及地方臣僚的奏疏,然后将奏疏整理后呈递给官家审阅,而“门下封驳事”这一差遣则有封还诏令或驳回奏疏的权力。
换句话说,“知通进银台司兼门下封驳事”这个差遣掌握着大宋全国公文上下来往的总枢纽,同时分走了两制官员的封驳权限。
而这个极为关键的差遣,最终落到了吏部郎中、天章阁待制何郯的头上。
何郯是景祐元年进士,算是宋庠的半个学生,跟宋庠关系一向很好,且与枢密副使张升的关系也很亲密,并且还跟韩琦素有旧怨。

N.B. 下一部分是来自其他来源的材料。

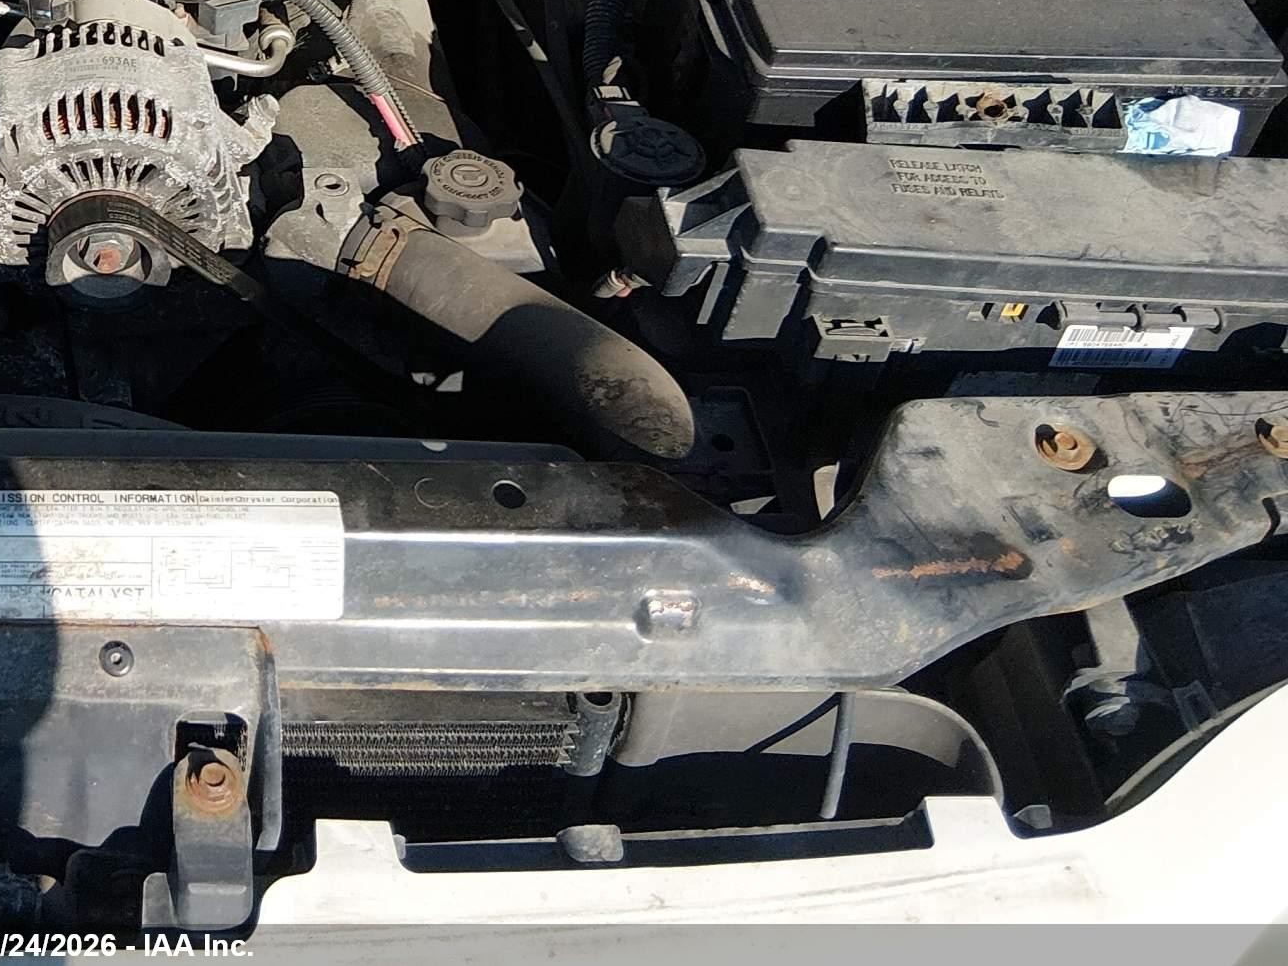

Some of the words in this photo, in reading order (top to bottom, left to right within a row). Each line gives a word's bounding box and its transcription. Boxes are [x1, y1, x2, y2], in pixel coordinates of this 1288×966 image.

所以,何郯的派系立场,几乎是明眼人都能一眼就看出来的。
而何郯也确实没有辜负宋庠的期望,刚上任就连着干了两件大事。
第一件大事,是贬为郓州团练副使的武继隆,在贵人相助下终于迎来了起复的希望,官家准备任命其为昭宣使、京东西路钤辖,同时准备任命广州团练使阎士良为北作坊使、鄜延路钤辖。
阎士良就是那个因为河北地震后救灾不力怕被发现,所以拉着雄州知州马怀德一起给刘永年送礼的内侍,当时俩人凑份子送了两箱牛黄、麝香,然后就被刘永年扭头告给了官家,因此被贬。
当时陆北顾还在御史台,这事是从欧阳修嘴里说出来,御史们都当笑话听的,而陆北顾后来所任的雄州知州的位置,也正是马怀德空出来的。
这二位内侍的任命诏书送到了通进银台司,何郯将其封驳,何郯写在封驳纸上的原话是“二人前罪犯至重,今于差遣各似未允,况继隆素非善良,众议喧传,云向时保州之乱,因继隆本州官僚素有忿隙,尝以言语激发军心,致成后患,既早年不尽心于陛下,已降充郓州团练副使,尝被罪谪,必怀怨望,不可授以一道兵权。而士良好作威福,昨又与边臣公行贿遗,今不可复委边任。伏望圣明上存国体,下慰人言,开至公之路,抑近幸之势。”
官家得知此事后,并未继续强行进行任命,因为官家也只是耐不住张才人吹枕头风而已,并不是出自内心地想重新重用这二人。
嗯,张才人就是温成皇后即张贵妃的亲妹妹。
而收了钱的张才人,见任命被封驳也不再强求,因为对于她来讲,拿人钱财替人办事,武继隆和阎士良花钱找她办的事情她其实已经办成了任命诏书都下了,只不过被外朝的通进银台司封驳回来了而已,这跟她就没关系了。
至于退钱,那是不可能退的,只能让武继隆和阎士良再想别的办法了。